Fueled by a skyrocketing economy and dreams of worldwide dominance, and perceiving a greatly-weakened United States, China is upping the stakes through the policy of “creeping normalcy.”
As the name implies, China’s policy of creeping normalcy (also known as creeping normality) involves slowly creating conditions that if implemented immediately might lead to war, but which if undertaken slowly, will slowly become normalized and accepted. This might involve, say, stealing other peoples’ islands and then building military bases on them. Or using the benign-sounding “Belt and Road Initiative” to slowly take control of strategic resources like ports and airfields in other countries. Or making ridiculous territorial claims such as the nine-dash line in order to, over time, be able to state “We’ve been calling these areas ours for years!”

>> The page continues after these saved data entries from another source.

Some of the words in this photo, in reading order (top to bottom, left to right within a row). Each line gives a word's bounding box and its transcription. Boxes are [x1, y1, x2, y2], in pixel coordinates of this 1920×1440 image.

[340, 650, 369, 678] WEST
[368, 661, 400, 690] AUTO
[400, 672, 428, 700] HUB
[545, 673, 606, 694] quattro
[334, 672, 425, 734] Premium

The above examples are some of the big ones, but sometimes the smallest and subtlest creeps can produce big results. And now, that Chinese “normalcy” has crept closer to U.S. territory. China is reportedly in talks with the island nation of Kiribati to lease the rights to an airbase and related infrastructure in the tiny island nation. This blossoming relationship is a bit ironic since the island nation is particularly vulnerable to the effects of global warming, of which China is, of course, the greatest global culprit.

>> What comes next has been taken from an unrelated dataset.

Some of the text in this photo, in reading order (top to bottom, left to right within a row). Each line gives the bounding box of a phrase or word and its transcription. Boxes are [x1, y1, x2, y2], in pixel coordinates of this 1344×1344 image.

Kiribati is about 2400 or so miles, or a little longer than the drive from New York City to Salt Lake City, from key U.S. bases in Hawaii. Given that China’s Xian H-20 stealth bomber range is something like 7500 miles, the Hawaiian Islands—and their strategic naval and air forces—are an easy round trip flight away. Depending on the weapons they are carrying, those same bombers may even be able to range targets inside of California after sortieing from a base in Kiribati. This is clearly an attempt by China to project power past the “second island chain” and into the Pacific Ocean and is of strategic concern to the U.S.
Given China’s penchant for debt-trap diplomacy and for throwing huge sums of money at very poor nations, it seems likely that Kiribati (and many others before and since) will fall completely under China’s control. In fact, China is already suspected of influencing Kiribati to withdraw from the Pacific Island Forum, a security and economic co-op that also features Australia and New Zealand, with whom China is regularly at odds.
At this point, many people will wonder why this part about Kiribati matters. Most Americans will have never heard of Kiribati and would almost certainly not be able to find it on a map. But that’s not a bug in the Chinese system, it’s a feature. They will creep and normalize, and over time the West will wake up one day and why China “suddenly” rules the world.